A sculpture of an astronaut helmet, with white bold writing on the front of the helmet in all capitals saying: ''On the back is a lie''. The back of an astronaut helmet with black writing in bold saying: 'On the front is the truth.'

On the 15th of June, 2021, I visited the Fulham art exhibition called ‘Art in the Age of Now’ in London, curated by Ben Moore, which was held between 20 May to 20 June in the old abandoned Fulham Town Hall, which is now being re-developed into a hotel: https://fulhamtownhall.com/

Before redevelopment artists took over the building, giving them a chance to express their art in full rooms. This site talks more about the exhibition, mentions other artists who took part, and shows Ben Moore’s own art: https://inspiringcity.com/2021/04/30/art-in-the-age-of-now-at-fulham-town-hall/

With free entry, it was a great opportunity to experience the world of modern art through the lens of many different artists and their unique expressions of life and society.

One of my favourite art pieces from the Fulham exhibition, titled ‘Fear and Salvation’:

Fulham art exhibition: Painting of a group of religious people and a doctor wearing a surgical mask with a blade going through the palm of his hand.


Fulham art exhibition: Painting of a doctor wearing a mask, holding the nude body of an ill person

‘Fear and Salvation’

”I considered the idea that the operating theatre also stages brutal and violent scenes, yet one may enter with a sense of hope that you will emerge healed. Surgeons and anaesthetics play real life gods, angelic nurses and deacon doctors bring salvation to this sterile stage.” -Thomas Wright.

Fulham art exhibition: Painting of a doctor wearing a mask, with his bloody hand stretched forward to show a ring on his ring finger.

‘Fear and Salvation’

This piece, created by Thomas D. Wright, particularly stood out to me. The idea of doctors and surgeons being ‘real life gods’ and ‘bringing salvation’ is a fascinating one – whilst certain people may rely purely on religion to ‘save them’ in times of illness, the true, physical ‘saviours’ are the doctors and the health care system. I really liked the idea that while the image of surgery may look gory and brutal, the final result is a person who ‘[emerges] healed’.


Another art piece I liked:

Fulham art exhibition: A blue-themed room with art on the walls and a mannequin hanging upside down in the centre of the room.

‘Brave New Normal’: The Hanging Man

I really enjoyed the art piece called ‘BRAVE NEW NORMAL’ by artists Spore and Switch.
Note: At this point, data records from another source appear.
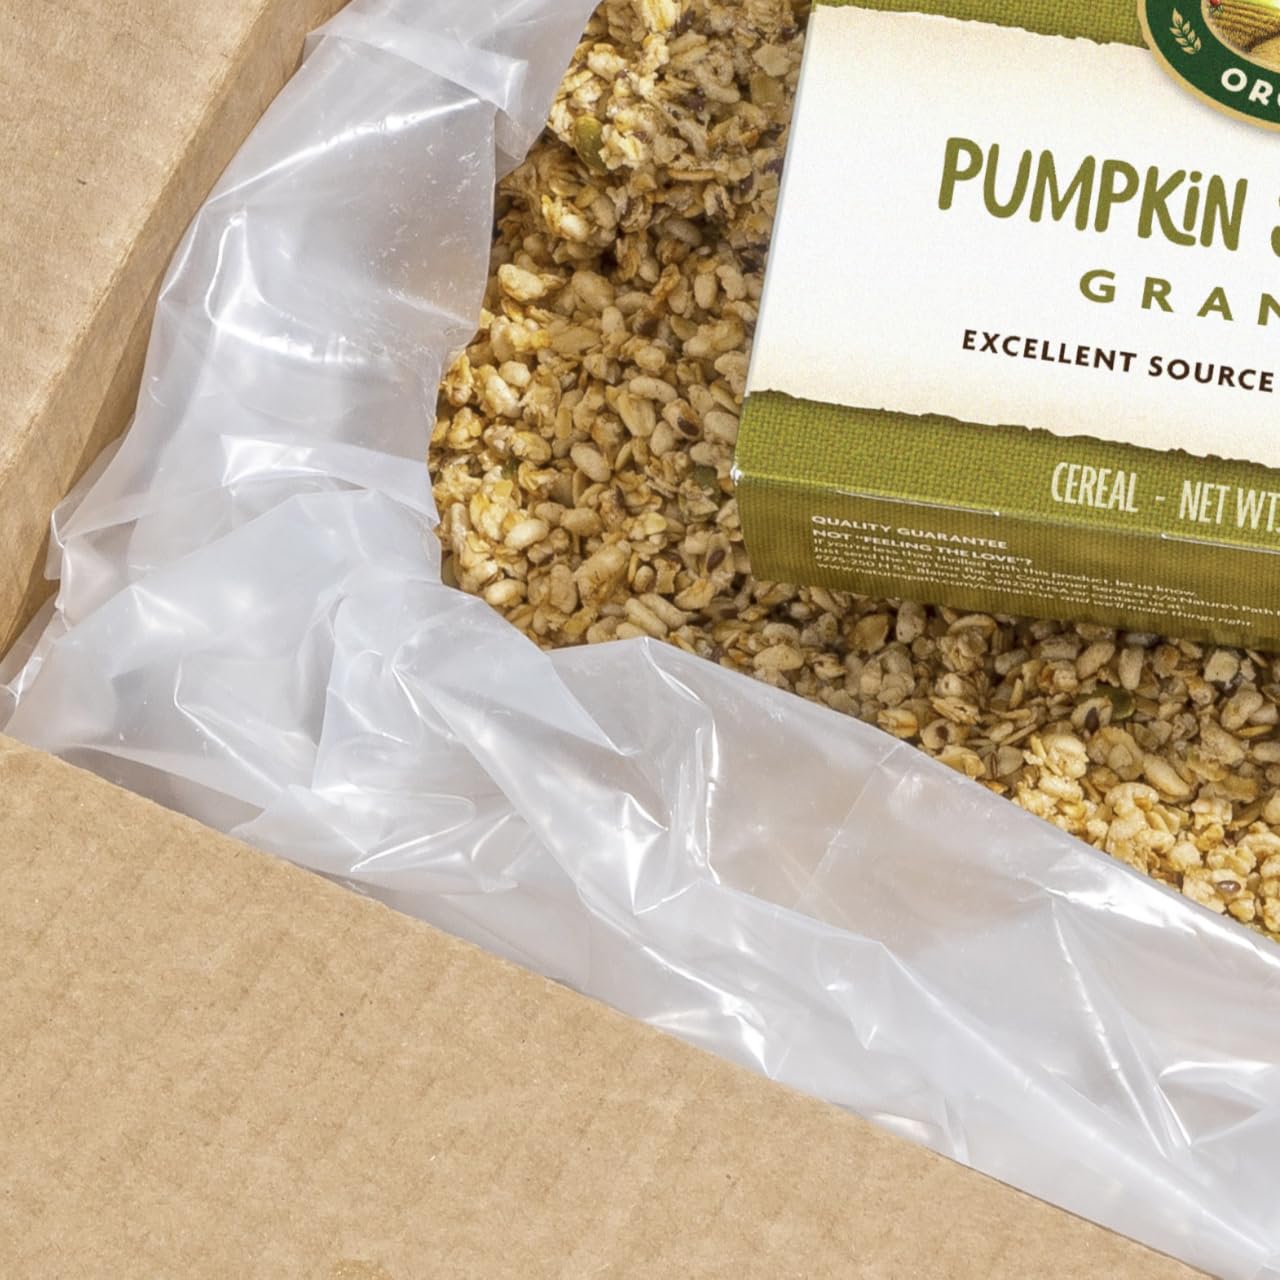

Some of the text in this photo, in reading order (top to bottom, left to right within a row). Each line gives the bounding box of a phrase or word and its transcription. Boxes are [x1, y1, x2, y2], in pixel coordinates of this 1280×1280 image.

[962, 328, 1137, 373] EXCELLENT
[1148, 356, 1275, 393] SOURCE
[1051, 462, 1139, 513] CEREAL
[1179, 479, 1231, 525] NET
[811, 515, 1009, 549] QUALITY GUARANTEE
[812, 528, 852, 541] NOT
[936, 546, 969, 558] THE
”The installation depicts an allegorical narrative developed from our ongoing dialogue in response to the pandemic. Exploring themes of authority, conformity, and self-authorship, we invite viewers to make their own conclusions about truth and delusion.”

Throughout the room, there is art which relates to the theme of surveillance. There several CCTV cameras seen in the corners of the room. This piece of art was created during the Coronavirus lockdown, so it shows that because of the strict lockdown rules, people became hyper-alert towards each other, making sure no one was breaking any rules. The cameras suggest that the government (the authority) was closely watching everyone during lockdown to ensure conformity.

Upon entry into the room, one of the first few things I noticed was the mannequin. That immediately created a darker atmosphere to the room. The ominous sounds which played non-stop (such as sirens) in the background added to the ambience. The sound and the art on the walls created a very dystopic feel to the room, which may have echoed the views of many during the pandemic: fear and uncertainty about the future.